Reading by First Grade


While every subject taught at the elementary school level is important, educators generally agree that learning how to read is the most important skill. The ability to read is a basic academic and life skill that is the foundation of all future academic success. Further, extensive research has shown that if a student is not reading to grade level by third grade, then it is highly unlikely that he will be reading to grade level for the balance of his public school career, and into his adult life. The inability to read carries profoundly negative implications for students and their families, and further, will reverberate into the larger community as time goes by. Thus, the imperative for early acquisition of reading skills is manifest, and is the rationale for — and the focus of — the “Reading by First Grade” program.

Project H.E.L.P. has always had success in moving students toward grade level standards and beyond, but some students require an even greater level of individual and prescriptive instruction to get the job done. Even in a small group of 10 to 12 students, the Project H.E.L.P. classroom teacher can only devote a limited amount of time to one-on-one instruction. The “Reading by First Grade” program meets the need for individual instruction by providing a credentialed and experienced literacy teacher to support the Project H.E.L.P. teacher in the classroom. While the teacher is working with the full class, the literacy teacher can pull out identified students, do reading assessments, and then, in collaboration with the teacher, develop instructional prescriptions and deliver targeted instruction that will help each first-grader learn to read.

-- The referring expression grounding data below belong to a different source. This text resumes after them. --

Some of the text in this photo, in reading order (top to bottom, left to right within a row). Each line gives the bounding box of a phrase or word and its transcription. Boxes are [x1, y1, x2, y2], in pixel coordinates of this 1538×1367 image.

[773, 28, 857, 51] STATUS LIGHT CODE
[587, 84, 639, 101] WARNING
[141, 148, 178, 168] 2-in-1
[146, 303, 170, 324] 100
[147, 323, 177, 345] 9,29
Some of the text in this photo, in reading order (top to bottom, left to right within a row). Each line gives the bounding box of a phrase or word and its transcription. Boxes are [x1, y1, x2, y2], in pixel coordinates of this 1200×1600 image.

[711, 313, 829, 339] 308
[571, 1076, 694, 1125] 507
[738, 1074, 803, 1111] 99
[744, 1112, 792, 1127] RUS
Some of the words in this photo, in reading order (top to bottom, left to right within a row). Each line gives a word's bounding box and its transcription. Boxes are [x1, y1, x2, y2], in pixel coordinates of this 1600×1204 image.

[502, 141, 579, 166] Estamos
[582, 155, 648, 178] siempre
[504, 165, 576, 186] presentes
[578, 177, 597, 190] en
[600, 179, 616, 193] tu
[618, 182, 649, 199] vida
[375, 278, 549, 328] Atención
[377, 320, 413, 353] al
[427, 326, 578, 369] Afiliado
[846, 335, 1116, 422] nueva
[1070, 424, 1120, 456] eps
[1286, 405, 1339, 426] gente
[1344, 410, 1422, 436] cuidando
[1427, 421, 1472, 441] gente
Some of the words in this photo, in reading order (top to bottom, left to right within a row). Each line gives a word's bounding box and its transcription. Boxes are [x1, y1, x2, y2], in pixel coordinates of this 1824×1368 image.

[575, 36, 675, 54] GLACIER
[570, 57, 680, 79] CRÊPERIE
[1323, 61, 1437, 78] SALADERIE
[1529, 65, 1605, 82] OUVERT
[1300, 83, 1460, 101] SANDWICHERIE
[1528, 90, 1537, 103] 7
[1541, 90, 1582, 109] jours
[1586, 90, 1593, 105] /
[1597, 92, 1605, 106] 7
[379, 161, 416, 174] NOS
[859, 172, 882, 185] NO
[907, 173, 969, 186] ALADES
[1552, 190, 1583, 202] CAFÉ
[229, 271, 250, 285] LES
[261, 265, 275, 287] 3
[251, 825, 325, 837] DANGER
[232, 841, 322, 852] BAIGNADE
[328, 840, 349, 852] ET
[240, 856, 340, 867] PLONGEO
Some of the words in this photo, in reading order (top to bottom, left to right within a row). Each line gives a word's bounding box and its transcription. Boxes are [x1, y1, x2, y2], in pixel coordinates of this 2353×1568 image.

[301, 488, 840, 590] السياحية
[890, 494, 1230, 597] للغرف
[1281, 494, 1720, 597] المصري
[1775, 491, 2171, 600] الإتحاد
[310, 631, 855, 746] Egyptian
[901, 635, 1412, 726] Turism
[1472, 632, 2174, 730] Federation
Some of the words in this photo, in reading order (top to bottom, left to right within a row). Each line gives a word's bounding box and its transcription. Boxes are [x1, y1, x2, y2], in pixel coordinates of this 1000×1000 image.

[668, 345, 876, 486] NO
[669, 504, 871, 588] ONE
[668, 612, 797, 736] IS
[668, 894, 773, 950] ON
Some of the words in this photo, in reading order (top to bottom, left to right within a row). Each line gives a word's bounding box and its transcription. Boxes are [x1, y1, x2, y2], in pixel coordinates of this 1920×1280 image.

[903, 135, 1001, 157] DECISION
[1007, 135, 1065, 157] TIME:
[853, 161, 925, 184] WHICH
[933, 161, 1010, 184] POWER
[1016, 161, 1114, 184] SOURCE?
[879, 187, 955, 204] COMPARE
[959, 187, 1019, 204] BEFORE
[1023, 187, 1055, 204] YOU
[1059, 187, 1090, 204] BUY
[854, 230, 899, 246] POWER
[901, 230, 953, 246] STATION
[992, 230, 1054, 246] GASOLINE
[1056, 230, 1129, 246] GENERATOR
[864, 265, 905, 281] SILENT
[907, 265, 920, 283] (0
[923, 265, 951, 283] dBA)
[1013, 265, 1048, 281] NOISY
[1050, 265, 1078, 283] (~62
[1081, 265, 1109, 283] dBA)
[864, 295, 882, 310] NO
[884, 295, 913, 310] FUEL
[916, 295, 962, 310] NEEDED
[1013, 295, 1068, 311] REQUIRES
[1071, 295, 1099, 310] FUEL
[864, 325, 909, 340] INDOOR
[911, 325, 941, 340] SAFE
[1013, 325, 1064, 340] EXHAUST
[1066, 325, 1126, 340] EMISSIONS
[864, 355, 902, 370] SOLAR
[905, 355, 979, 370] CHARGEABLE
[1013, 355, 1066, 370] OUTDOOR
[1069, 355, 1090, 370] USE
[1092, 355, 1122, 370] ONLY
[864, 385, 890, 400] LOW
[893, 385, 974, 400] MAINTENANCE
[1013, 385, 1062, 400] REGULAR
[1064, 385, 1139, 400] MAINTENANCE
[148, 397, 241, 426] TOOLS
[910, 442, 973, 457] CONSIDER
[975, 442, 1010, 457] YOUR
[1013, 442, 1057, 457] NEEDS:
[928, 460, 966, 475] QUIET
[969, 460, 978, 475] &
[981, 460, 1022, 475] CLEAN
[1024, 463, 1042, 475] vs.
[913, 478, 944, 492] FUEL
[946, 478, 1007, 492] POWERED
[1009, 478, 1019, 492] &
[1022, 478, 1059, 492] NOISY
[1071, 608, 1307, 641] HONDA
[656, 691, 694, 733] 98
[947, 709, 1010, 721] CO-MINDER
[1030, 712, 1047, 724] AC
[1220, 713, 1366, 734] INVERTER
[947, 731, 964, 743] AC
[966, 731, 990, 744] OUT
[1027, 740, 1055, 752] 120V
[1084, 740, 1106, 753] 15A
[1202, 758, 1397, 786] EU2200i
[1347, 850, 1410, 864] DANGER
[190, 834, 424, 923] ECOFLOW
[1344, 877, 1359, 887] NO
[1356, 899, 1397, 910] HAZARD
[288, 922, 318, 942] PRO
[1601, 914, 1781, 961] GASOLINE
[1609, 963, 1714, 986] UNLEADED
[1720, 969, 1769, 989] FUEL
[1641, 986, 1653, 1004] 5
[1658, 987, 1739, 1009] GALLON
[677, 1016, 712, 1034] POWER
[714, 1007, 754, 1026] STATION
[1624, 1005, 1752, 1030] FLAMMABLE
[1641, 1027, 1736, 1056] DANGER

Project H.E.L.P. targets this program to first grade, because it is in first grade that schools first deliver reading instruction with the expectation that every student will be reading by the end of the school year. In Kindergarten, schools do much work on developing reading readiness skills but do not expect students to be able to read by the end of the school year. However, that changes in first grade, and as the premise for Project H.E.L.P. is early academic intervention, then first grade is the right time to begin integrating effective and aggressive intervention into the literacy program.   

Specifically, each Project H.E.L.P. teacher will have up to four hours per week of support from the Literacy Center teacher, and an hour of additional out-of-class time to consult with the literacy teacher about student progress and to plan further instructional strategies. The literacy teachers are also available for parent teacher conferences and meet on a regular basis with the program director and principal to monitor program progress. The role of the literacy teacher is key because they bring in the skill sets and experience necessary to quickly get to the heart of the reading skills deficit for each child, and then efficiently and effectively implement a personalized action plan for each child. Once the Project H.E.L.P. classroom teacher and the literacy teacher have done the diagnosis and initiated the instructional strategies, then classroom aides, volunteers, and parents can assist with follow-up on routine but individualized skill-building for each student. Also, after students have been working for a period of time in the program and are still not showing appropriate and expected progress, then the teachers can call on resource specialists, speech pathologists, and, if necessary, school psychologists to determine if the students might be candidates for testing and placement into a Special Education program.

Project H.E.L.P.’s goal is to implement the “Reading by First Grade” program and enable every first-grader at Bishop School to be a reader by the end of the 2008-9 school year.